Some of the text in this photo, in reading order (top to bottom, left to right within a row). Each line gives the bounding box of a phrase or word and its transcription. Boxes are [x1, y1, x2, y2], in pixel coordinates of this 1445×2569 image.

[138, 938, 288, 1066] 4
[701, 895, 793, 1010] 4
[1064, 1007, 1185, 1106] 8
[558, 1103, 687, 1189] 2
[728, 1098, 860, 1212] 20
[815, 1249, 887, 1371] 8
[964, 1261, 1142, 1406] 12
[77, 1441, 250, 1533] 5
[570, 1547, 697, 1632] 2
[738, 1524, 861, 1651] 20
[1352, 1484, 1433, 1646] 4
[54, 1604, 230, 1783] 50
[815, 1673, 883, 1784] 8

— WHAT NEEDS TO BE DONE —
Repeat the records above exactly, leaving none out.

— REPLY —
Some of the text in this photo, in reading order (top to bottom, left to right within a row). Each line gives the bounding box of a phrase or word and its transcription. Boxes are [x1, y1, x2, y2], in pixel coordinates of this 1445×2569 image.

[138, 938, 288, 1066] 4
[701, 895, 793, 1010] 4
[1064, 1007, 1185, 1106] 8
[558, 1103, 687, 1189] 2
[728, 1098, 860, 1212] 20
[815, 1249, 887, 1371] 8
[964, 1261, 1142, 1406] 12
[77, 1441, 250, 1533] 5
[570, 1547, 697, 1632] 2
[738, 1524, 861, 1651] 20
[1352, 1484, 1433, 1646] 4
[54, 1604, 230, 1783] 50
[815, 1673, 883, 1784] 8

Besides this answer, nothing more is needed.